A Ruby class is a group of method definitions.

Therefore, I know that the RClass structure for Mathematician must save a list of all the methods I defined in the class:

While reviewing my Ruby code above, notice that I’ve also created two instance variables called @first_name and @last_name. We saw earlier how Ruby stores these values in each RObject structure, but you may have noticed that the names of these variables were not stored in RObject, just the values were. (As I mentioned above, Ruby 1.8 actually stores the names in RObject as well.) Instead, Ruby must store the attribute names in RClass; this makes sense since the names will be the same for every Mathematician instance. Let’s redraw RClass again, including a table of attribute names as well this time:

Now my definition of a Ruby class is:

A Ruby class is a group of method definitions and a table of attribute names.

At the beginning of this chapter I mentioned that everything in Ruby is an object. This might be true for classes too. It’s easy to prove this is, in fact, the case using IRB:

> p Mathematician.class
 => Class

You can see Ruby classes are all instances of the Class class; therefore, classes are also objects. Let’s update our definition of a Ruby class again:

A Ruby class is a Ruby object that also contains method definitions and attribute names.

Since Ruby classes are objects, we know that the RClass structure must also contain a class pointer and an instance variable array, the values that we know every Ruby object contains:

You can see I’ve added a pointer to the Class class, in theory the class of every Ruby class object. However, in Experiment 3-2 below I’ll show that actually this diagram is not accurate, that klass actually points to something else! I’ve also added a table of instance variables. Note: these are the class level instance variables. Don’t confuse this with the table of attribute names for the object level instance variables.

As you can see, this is rapidly getting out of control; the RClass structure seems to be much more complex than the RObject structure was! But, don’t worry, we’re almost done. In a moment I’ll show you what the actual RClass structure looks like.
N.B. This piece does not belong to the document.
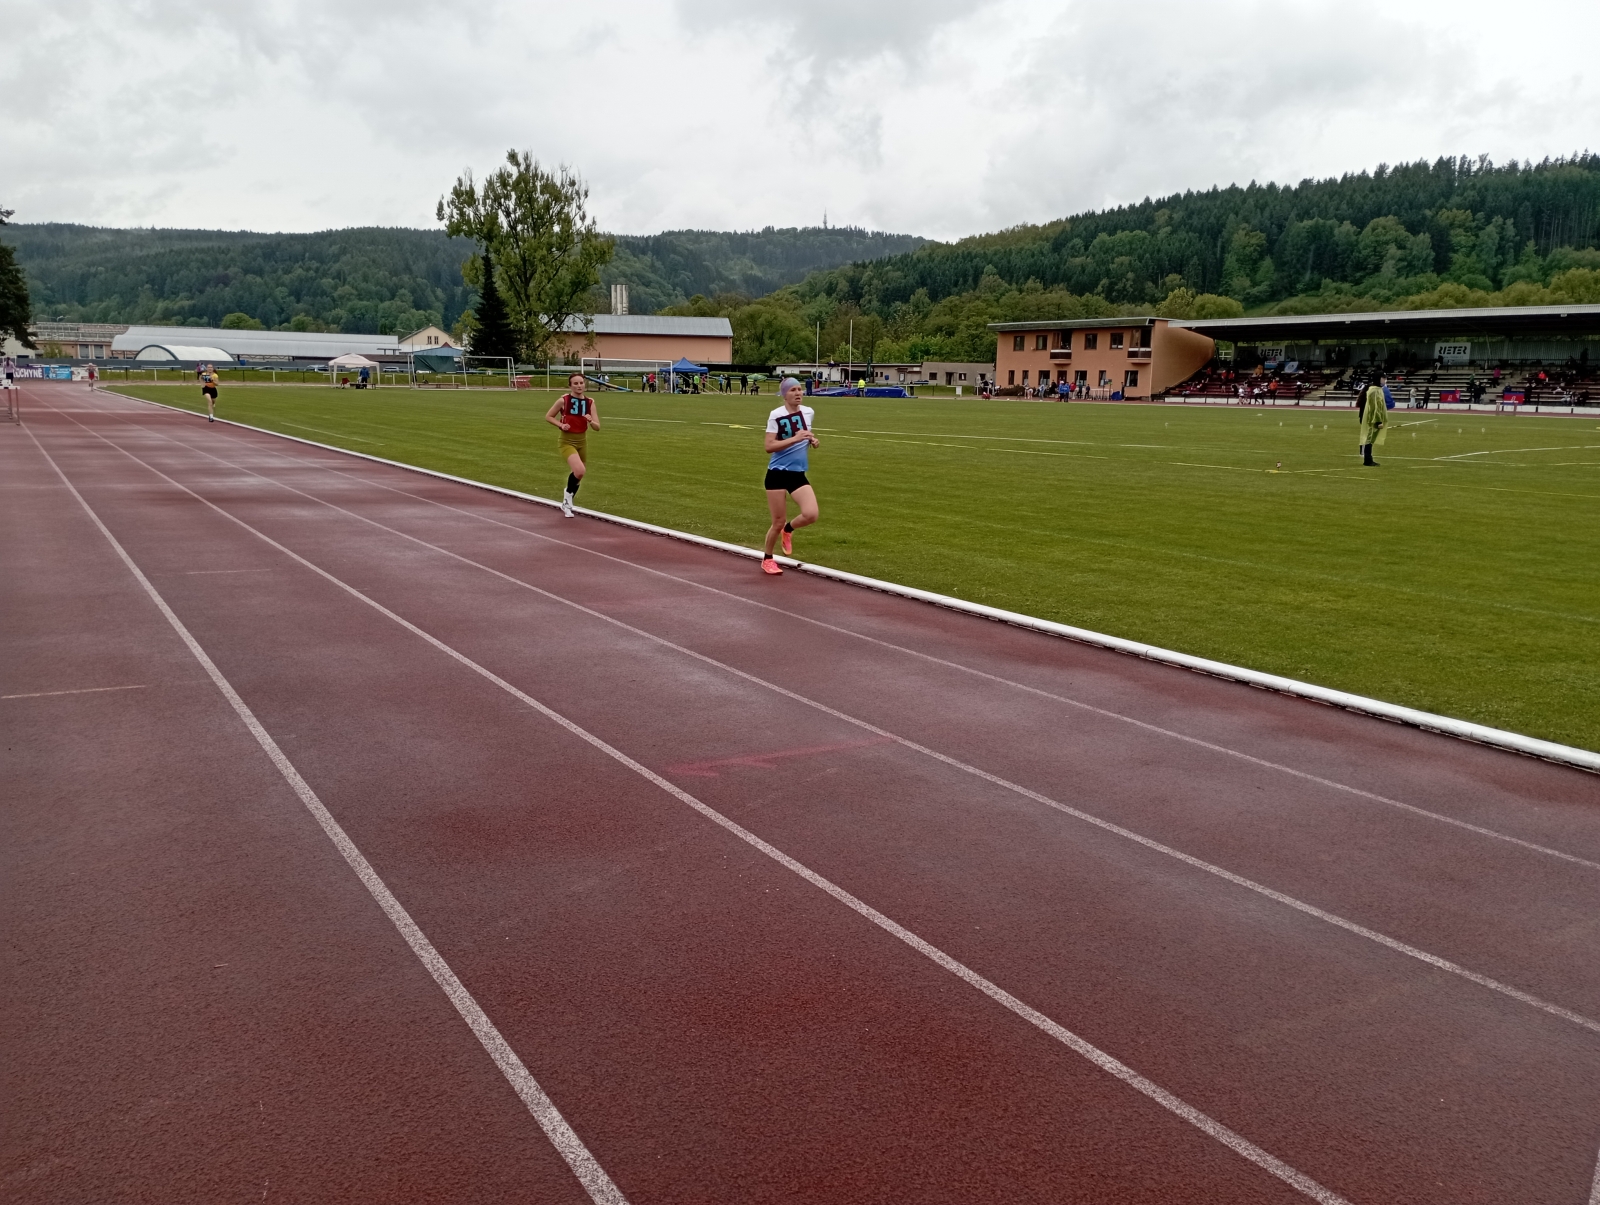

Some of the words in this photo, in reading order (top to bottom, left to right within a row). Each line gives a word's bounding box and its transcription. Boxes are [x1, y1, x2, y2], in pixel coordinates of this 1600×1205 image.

[1438, 346, 1467, 354] RIETER
[570, 398, 586, 416] 31
[780, 415, 803, 439] 33
But first, there are still two more important types of information we need to consider that each Ruby class contains.

Another essential feature of object oriented programming that we all know Ruby also implements is inheritance. Ruby implements single inheritance by allowing us to optionally specify one superclass when we create a class, or if we don’t specify a superclass then Ruby assigns the Object class to be the superclass. For example, I could rewrite my Mathematician class using a superclass like this:

class Mathematician < Person
...

Now every instance of Mathematician will include the same methods that instances of Person have. In this example, I might want to move the first_name and last_name accessor methods into Person. I could also move the @first_name and @last_name attributes into the Person class, all instances of Mathematician would also share these attributes. Somehow the Mathematician class must contain a reference to the Person class (its superclass) so that Ruby can find any methods or attributes that actually were defined in a superclass.

Let’s update my definition again, assuming that Ruby tracks the superclass using another pointer similar to klass:

A Ruby class is a Ruby object that also contains method definitions, attribute names and a superclass pointer.

And let’s redraw the RClass structure including the new superclass pointer:

At this point it is critical to understand the difference between the klass pointer and the super pointer. The klass pointer indicates which class the Ruby class object is an instance of. This will always be the Class class:

> p Mathematician.class
 => Class

Ruby uses the klass pointer to find the methods of the Mathematician class, such as the new method which every Ruby class implements.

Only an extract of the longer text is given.